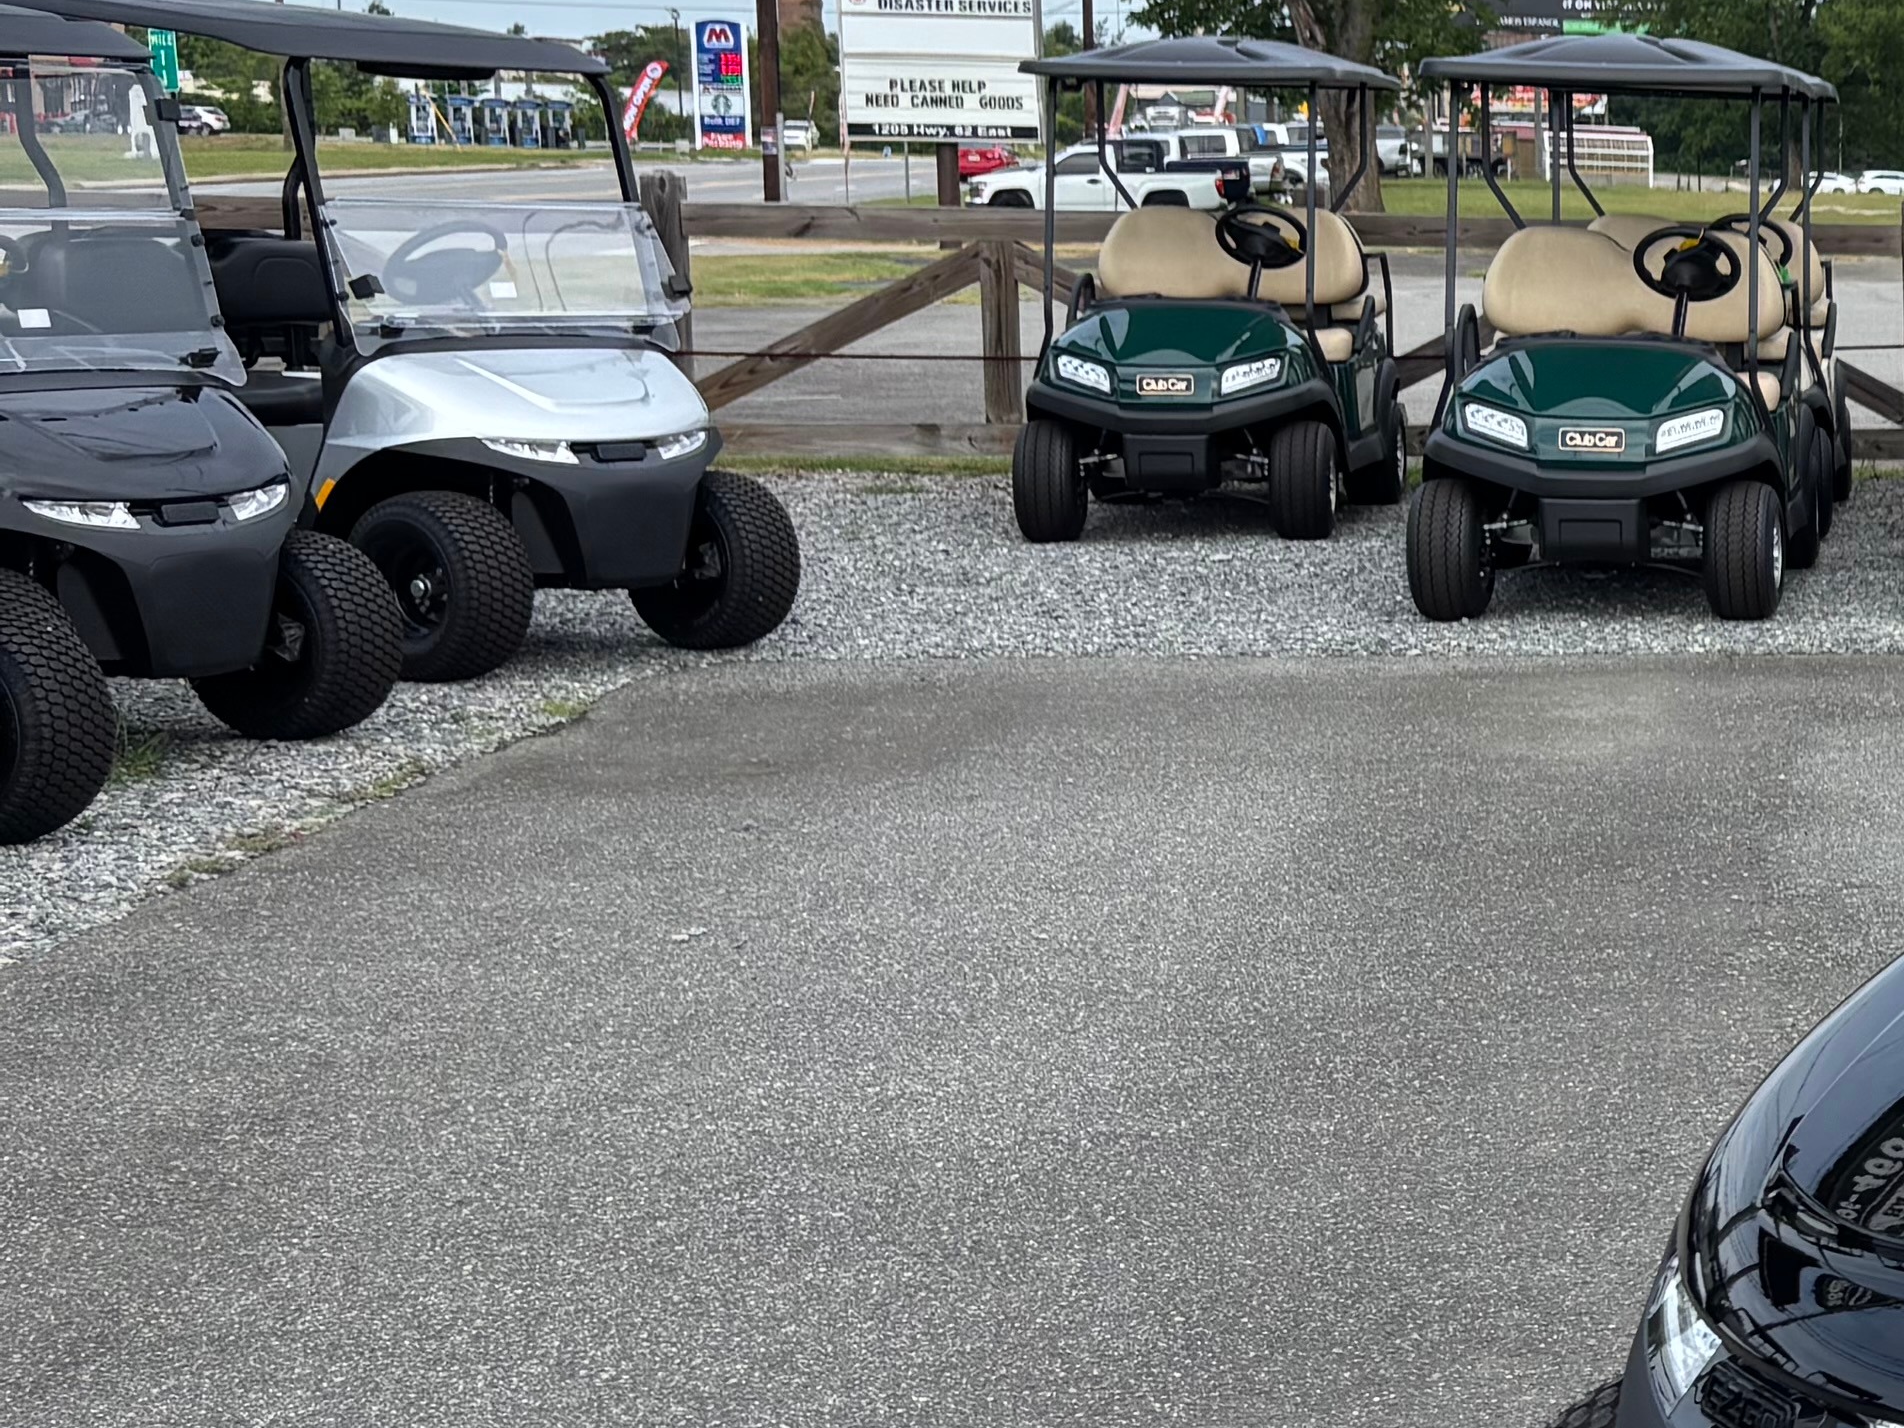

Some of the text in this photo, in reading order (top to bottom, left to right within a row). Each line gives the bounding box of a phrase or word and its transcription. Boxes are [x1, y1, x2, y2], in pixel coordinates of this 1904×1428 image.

[958, 0, 1032, 14] SERVICES
[150, 33, 173, 46] MILE
[889, 78, 987, 94] PLEASE HELP
[865, 93, 1024, 110] NEED CANNED GOODS
[1142, 378, 1188, 391] Club Car
[1565, 431, 1619, 447] Club Car
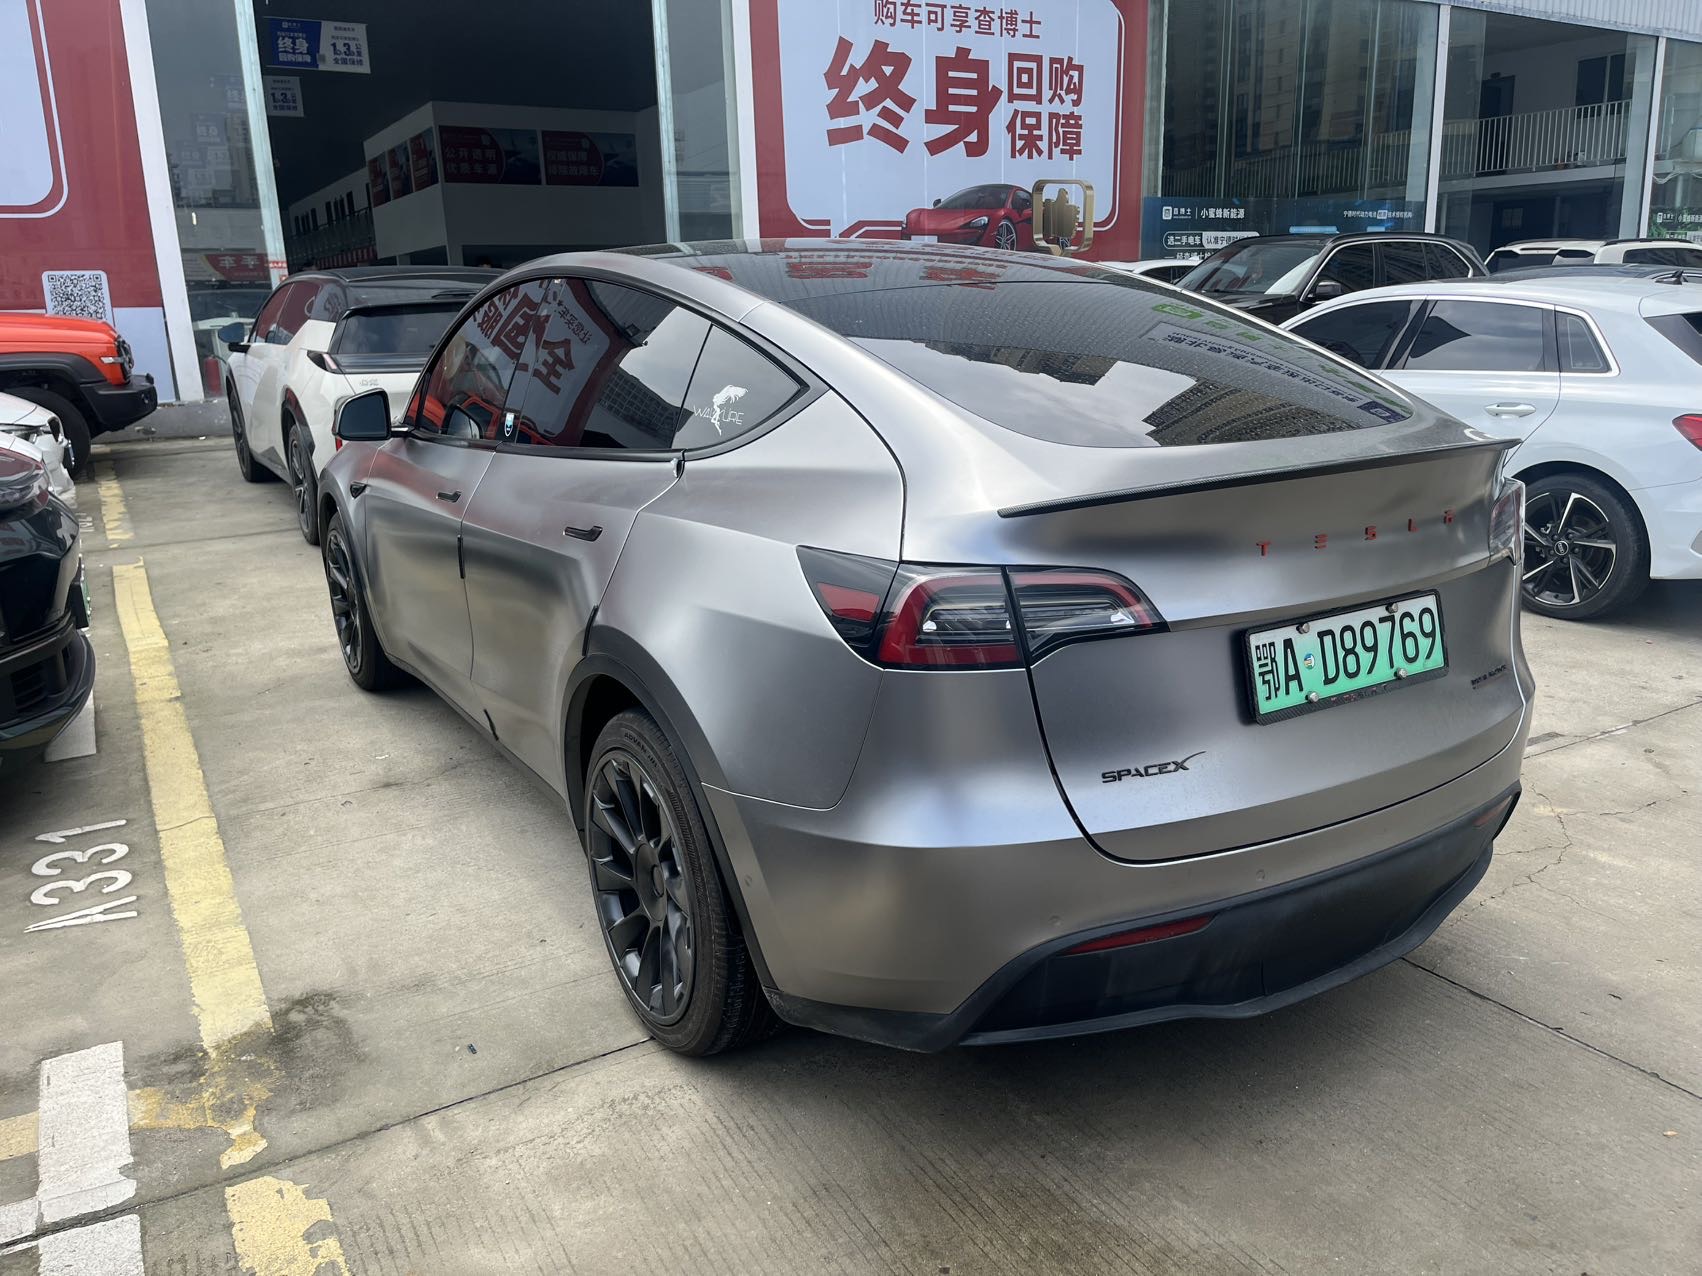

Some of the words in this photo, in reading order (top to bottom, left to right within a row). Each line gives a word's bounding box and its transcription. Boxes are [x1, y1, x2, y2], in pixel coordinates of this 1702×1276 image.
------
-- What to do --
When you transcribe the entries above, keep every word exact and leave out the pictures.

-- Task solution --
Some of the text in this photo, in reading order (top to bottom, left to right within a row). Each line gives the bounding box of a phrase or word and its transcription. Boxes are [x1, y1, x2, y2], in pixel coordinates of this 1904×1428 image.

[958, 0, 1032, 14] SERVICES
[150, 33, 173, 46] MILE
[889, 78, 987, 94] PLEASE HELP
[865, 93, 1024, 110] NEED CANNED GOODS
[1142, 378, 1188, 391] Club Car
[1565, 431, 1619, 447] Club Car

Some of the words in this photo, in reading order (top to bottom, left to right within a row). Each line gives a word's bounding box and its transcription. Boxes are [x1, y1, x2, y2], in pixel coordinates of this 1702×1276 image.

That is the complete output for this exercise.